Posted in Blessings of Habit, Health, Home School, Inspiring, Who's the mom here?, Wisdom

All Parents Home School – 3

Still No Escape

No matter which decision we make, we teach them.

Mussolini (left) and Hitler sent their armies ...
Hitler sent armies to North Africa into Egypt against the British

When we keep our children with us so that we can manage their social learning, we teach them that socialization can be done in right or wrong ways. Using the Ten Commandments (talk about mandates-based education!), we instruct as we model for them the only way that works: God’s way.

When they are teens and actually need to socialize, they will walk in right habits of socialization, while turning to us and ultimately, to the God Who guides us, for further instruction.

If we abandon them to learn socialization willy-nilly from the same-aged social misfits that become increasingly more abundant in this world, we still teach them—that no matter how they socialize, that is how to socialize.

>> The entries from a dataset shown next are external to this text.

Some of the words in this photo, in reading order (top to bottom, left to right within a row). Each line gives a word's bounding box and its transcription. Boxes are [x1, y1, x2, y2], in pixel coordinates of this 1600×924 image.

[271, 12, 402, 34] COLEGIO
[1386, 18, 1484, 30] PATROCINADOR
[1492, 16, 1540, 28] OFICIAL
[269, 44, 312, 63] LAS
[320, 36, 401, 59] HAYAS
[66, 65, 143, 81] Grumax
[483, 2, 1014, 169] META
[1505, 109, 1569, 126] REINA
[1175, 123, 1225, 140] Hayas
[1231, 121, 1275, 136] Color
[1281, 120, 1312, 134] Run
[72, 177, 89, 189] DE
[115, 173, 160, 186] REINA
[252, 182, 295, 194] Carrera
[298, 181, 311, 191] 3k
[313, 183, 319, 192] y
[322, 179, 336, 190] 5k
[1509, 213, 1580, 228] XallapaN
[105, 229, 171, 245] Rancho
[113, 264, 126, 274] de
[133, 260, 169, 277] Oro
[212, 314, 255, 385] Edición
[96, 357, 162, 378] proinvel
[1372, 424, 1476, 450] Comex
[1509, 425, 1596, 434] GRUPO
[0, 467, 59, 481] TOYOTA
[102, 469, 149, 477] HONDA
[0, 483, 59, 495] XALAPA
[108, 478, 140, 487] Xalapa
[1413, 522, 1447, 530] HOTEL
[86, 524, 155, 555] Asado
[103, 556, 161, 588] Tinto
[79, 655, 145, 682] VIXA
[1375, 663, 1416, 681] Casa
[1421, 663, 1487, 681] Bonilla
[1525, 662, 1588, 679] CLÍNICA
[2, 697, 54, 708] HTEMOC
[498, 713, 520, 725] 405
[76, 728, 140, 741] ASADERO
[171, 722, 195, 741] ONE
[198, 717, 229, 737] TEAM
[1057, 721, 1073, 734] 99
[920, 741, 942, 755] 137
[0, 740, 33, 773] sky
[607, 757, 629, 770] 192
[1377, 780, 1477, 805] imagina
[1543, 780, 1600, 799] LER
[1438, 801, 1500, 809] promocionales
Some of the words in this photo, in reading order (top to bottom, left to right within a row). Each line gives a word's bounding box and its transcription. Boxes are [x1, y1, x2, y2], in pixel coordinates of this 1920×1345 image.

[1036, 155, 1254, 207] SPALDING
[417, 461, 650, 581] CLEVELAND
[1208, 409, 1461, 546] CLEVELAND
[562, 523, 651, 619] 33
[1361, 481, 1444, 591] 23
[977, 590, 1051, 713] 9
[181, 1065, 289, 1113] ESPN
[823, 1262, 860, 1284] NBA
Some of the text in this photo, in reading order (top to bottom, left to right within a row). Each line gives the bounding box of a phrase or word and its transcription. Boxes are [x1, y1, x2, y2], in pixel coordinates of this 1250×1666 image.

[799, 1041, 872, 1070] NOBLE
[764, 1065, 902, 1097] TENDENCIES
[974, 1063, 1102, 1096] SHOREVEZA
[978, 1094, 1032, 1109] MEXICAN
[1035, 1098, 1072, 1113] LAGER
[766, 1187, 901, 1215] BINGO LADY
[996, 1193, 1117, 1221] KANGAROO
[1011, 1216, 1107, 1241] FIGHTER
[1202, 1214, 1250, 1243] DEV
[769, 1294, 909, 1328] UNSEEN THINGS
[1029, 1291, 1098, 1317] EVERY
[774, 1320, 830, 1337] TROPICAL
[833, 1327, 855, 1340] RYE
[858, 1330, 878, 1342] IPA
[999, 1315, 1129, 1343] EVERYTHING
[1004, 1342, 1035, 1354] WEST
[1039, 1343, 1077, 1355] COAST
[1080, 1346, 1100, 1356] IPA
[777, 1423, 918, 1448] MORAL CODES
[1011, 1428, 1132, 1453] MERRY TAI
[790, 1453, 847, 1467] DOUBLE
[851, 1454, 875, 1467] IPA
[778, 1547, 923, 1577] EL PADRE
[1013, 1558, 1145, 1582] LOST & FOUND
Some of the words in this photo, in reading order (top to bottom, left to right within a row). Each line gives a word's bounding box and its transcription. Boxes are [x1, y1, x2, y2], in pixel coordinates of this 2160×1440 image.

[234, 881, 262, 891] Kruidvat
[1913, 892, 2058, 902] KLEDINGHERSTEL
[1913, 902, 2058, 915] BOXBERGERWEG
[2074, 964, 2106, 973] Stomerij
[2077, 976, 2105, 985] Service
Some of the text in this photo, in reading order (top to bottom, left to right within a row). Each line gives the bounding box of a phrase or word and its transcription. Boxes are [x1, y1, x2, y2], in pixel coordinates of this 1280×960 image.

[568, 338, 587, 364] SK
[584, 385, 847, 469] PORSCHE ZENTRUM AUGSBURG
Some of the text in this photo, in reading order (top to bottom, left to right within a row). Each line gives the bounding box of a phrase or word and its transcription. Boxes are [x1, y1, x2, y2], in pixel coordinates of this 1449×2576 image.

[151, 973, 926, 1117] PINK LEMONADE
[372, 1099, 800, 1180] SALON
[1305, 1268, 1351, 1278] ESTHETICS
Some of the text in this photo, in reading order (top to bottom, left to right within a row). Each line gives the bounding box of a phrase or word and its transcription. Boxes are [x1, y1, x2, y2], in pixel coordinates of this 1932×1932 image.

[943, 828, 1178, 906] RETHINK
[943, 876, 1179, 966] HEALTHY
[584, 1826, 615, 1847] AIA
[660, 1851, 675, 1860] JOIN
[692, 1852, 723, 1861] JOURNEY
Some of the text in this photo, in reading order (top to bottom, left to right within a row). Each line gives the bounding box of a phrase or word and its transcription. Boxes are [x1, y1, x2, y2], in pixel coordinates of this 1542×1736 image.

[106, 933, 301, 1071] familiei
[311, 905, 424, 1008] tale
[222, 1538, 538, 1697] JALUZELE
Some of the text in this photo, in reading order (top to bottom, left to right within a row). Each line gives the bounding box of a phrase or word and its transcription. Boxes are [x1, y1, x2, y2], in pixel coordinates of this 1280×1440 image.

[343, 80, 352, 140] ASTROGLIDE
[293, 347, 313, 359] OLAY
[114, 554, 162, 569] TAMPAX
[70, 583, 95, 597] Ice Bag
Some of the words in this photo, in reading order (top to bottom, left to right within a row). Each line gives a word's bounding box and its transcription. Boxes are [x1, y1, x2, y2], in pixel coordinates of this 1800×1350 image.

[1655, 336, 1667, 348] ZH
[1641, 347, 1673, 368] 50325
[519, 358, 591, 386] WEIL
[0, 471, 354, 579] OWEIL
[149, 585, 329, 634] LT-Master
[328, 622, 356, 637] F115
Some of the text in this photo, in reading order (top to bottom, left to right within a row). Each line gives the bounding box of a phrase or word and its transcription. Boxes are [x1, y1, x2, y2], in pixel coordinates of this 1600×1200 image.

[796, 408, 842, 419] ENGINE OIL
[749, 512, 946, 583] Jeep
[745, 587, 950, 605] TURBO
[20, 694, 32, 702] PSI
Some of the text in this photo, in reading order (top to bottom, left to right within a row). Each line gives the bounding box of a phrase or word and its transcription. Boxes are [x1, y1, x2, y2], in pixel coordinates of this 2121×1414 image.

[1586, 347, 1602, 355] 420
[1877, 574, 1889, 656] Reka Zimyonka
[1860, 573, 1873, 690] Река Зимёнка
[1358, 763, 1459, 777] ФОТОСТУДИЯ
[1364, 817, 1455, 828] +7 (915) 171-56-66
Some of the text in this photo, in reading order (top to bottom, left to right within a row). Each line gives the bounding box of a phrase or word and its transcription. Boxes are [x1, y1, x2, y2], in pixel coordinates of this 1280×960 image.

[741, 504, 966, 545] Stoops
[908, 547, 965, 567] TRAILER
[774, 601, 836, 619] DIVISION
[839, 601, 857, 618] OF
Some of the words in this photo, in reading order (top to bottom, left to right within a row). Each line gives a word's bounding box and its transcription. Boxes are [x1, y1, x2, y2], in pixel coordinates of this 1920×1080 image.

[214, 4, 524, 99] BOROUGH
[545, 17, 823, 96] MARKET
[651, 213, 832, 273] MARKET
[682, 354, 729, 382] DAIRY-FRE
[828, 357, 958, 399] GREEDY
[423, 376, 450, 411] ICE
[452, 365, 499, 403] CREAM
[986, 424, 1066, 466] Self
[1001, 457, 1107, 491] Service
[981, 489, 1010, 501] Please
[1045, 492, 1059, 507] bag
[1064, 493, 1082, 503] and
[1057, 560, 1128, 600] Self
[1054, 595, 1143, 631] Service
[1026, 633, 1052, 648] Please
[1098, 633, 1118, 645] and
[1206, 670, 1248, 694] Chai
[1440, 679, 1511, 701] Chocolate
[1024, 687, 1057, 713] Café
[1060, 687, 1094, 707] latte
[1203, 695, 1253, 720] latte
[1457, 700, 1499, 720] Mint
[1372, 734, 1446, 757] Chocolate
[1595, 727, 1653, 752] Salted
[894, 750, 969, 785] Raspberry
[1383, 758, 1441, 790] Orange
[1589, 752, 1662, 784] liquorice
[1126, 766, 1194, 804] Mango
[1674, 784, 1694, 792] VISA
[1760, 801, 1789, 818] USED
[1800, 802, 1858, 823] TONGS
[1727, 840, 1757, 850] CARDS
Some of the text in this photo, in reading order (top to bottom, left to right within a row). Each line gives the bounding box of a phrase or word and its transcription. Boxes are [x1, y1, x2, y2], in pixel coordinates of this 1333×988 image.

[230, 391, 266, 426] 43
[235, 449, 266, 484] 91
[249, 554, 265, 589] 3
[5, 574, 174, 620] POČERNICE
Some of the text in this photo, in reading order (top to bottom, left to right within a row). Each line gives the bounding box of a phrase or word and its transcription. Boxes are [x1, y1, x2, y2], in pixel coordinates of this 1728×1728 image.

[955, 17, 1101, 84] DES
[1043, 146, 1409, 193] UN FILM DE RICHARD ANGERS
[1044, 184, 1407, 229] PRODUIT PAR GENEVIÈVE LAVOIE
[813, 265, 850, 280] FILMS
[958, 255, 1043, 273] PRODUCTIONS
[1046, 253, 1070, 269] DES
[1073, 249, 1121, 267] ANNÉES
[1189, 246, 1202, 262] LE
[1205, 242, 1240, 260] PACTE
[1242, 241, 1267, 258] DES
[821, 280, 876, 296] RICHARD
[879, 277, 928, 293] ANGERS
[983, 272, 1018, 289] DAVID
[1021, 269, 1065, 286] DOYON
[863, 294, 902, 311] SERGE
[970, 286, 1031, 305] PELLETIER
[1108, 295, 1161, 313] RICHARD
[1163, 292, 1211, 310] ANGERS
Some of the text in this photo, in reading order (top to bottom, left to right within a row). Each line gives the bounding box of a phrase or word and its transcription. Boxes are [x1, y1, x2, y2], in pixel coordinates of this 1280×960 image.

They will learn that whatever is socially acceptable to their peers is the social lesson for today, and to abandon any semblance to their parents in their quest for some socially “caring” model. They will learn that it is okay to have two mommies.

When we take time to reveal to our children the glories and the tragedies of the history of man, we teach them that we can and must learn from our actions. From Genesis to Revelation, we help them see that God knows the end from the beginning and always has His way.

When they are teens, and learn to care about things on the outside, they learn that today many make the mistakes that wise ones will learn from in the future.

If we trust worldly institutions to handle their history lessons, we still teach them—that the past is unimportant to us. They will not care much about history, either, and in anger, will care even less once it conflicts with God’s Word. They will believe that they came from slime and that the future is debatable, at best, and purposeless at worst and will wonder if Hitler was not right, after all.

When we continue their health classes and physical education into the rest of their childhood, we teach them that our bodies are temples for God. They learn the good stewardship that gives careful attention to the feeding and care of our bodies.

When they are teens, strong and healthy, excited about expending their energy for good purposes, they will be able to say to God, “Here am I…”

If we thrust them into worldly lessons about the body, we still teach them—that the purpose of exercise is to be famous or formidable, and that ketchup is a vegetable. They will converse casually about euthanasia, believe that hormones are insurmountable, and toil under assignments to pretend to be married or expecting. They will grow increasingly comfortable with those conversations, beliefs, and pretenses, too.

More later.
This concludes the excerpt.